Studies were carried out to investigate the regeneration and rapid multiplication of Withania somnifera (L.) in vitro. Direct and indirect regeneration protocols for multiple shoots development from epicotyl explants of 50 to 60 days old seedlings were established. The shoots were initiated directly from epicotyl explant on 6-benzyl amino purine (BAP: 2.0 mg/L) along with indole-3-acetic acid (IAA: 0.2 mg/L), and the maximum of 15.5 ± 0.90 shoots/explant were achieved by subsequent subcultures at 4 weeks interval in the same medium. Calli (98.3%) were produced from epicotyl explant on 2,4-dichlorophenoxy acetic acid (2,4-D: 2.0 mg/L) along with kinetin (Kn: 0.6 mg/L), and shoots were initiated from calli on BAP (1.0 mg/L) along with adenine sulphate (AdS: 20.0 mg/L). Proliferation of shoots was achieved by subsequent subcultures at 4 weeks interval in the same medium. The maximum value of 25.3 ± 1.81 shoots/explant was achieved in the second subculture of indirect regeneration. Murashige and Skoog (MS) medium along with gibberellic acid (GA3) at 1.0 mg/L produced maximum 73.3 and 95.5% of shoot elongation in direct and indirect regenerated shoots, respectively.

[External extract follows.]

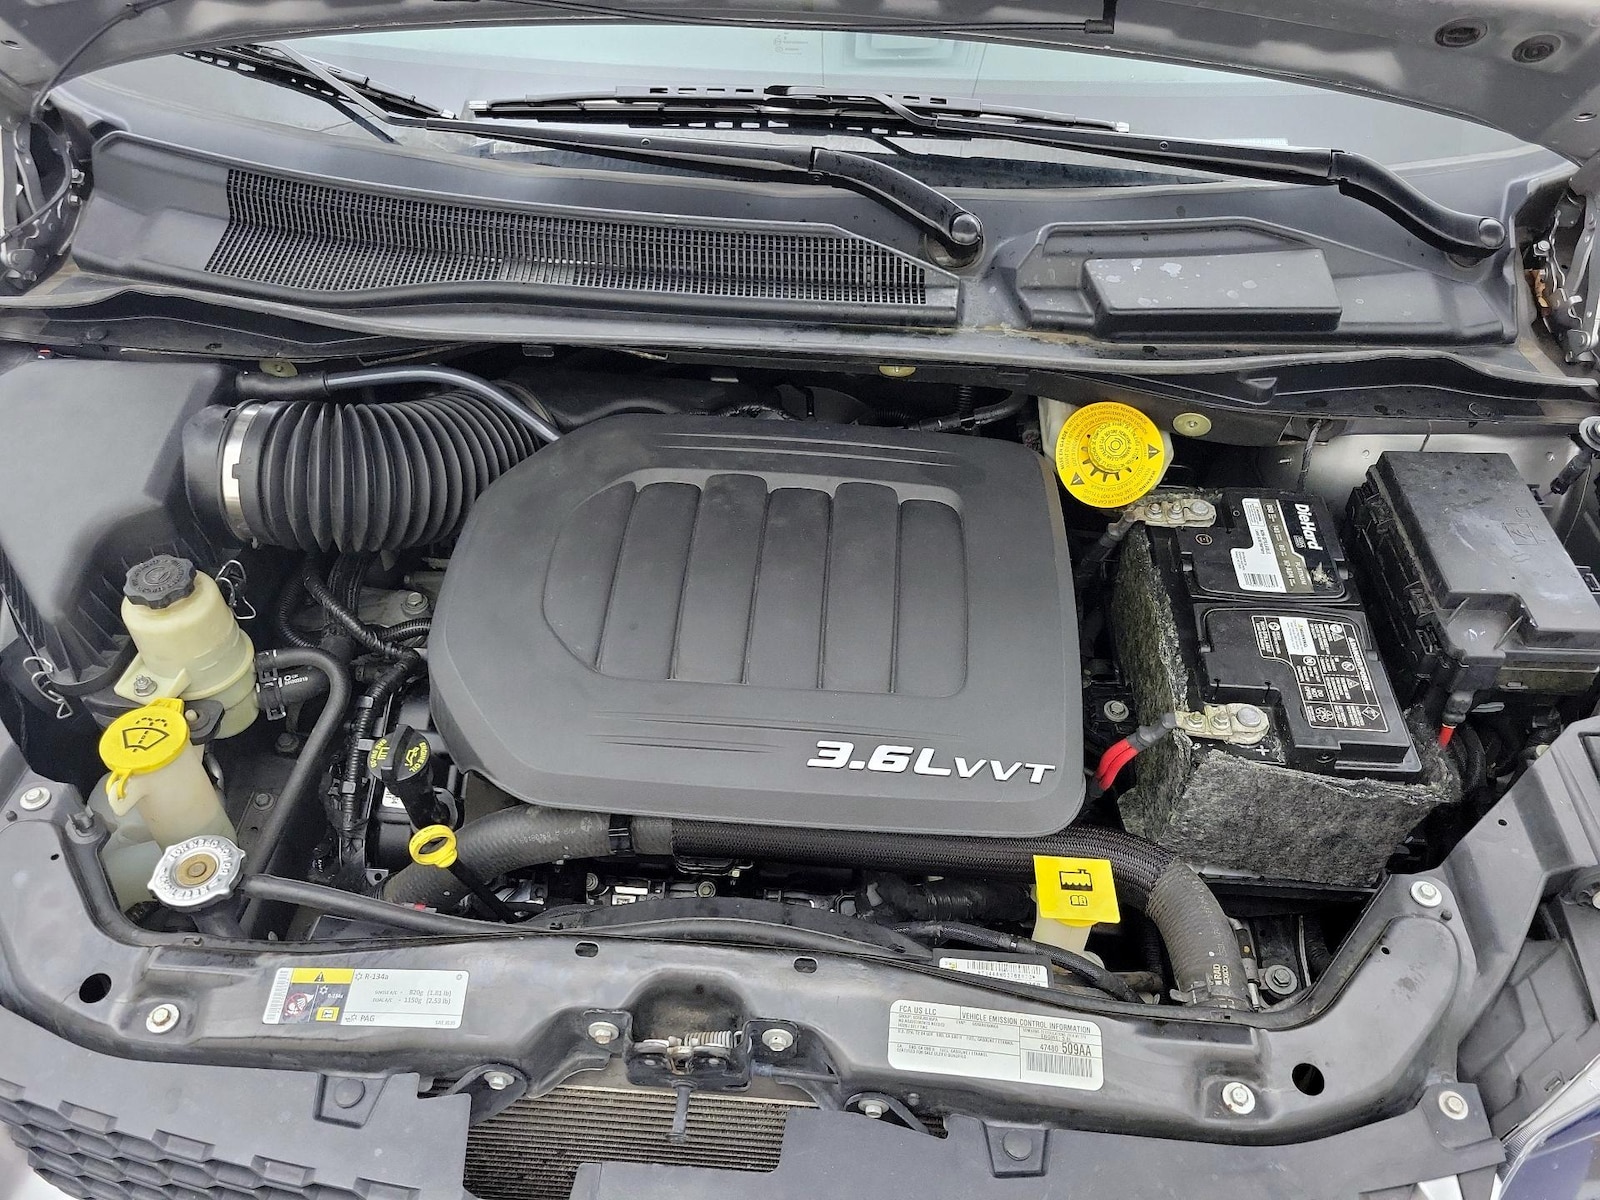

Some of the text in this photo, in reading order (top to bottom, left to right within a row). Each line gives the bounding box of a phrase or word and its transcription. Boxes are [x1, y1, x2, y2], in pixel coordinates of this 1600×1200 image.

On the other hand, MS medium with indole-3-butyric acid (IBA) at 0.8 mg/L induced maximum 86.7% and 90.0% of rooting from elongated shoots of direct and indirect regeneration, respectively. The rooted plants were transferred to small cups filled with sterilized mixture containing soil, sand and vermiculite (1:2:1, v/v/v) for hardening. About 90% of plants survived in the hardening process, and then the plants were established successfully in the experimental field. This protocol yielded a higher number of shoots within a short period. Consequently, the protocol developed in this study offers a simple and improved in vitro method to regenerate W. somnifera. Key words: Withania somnifera, epicotyls, tissue culture, shoot elongation, root induction.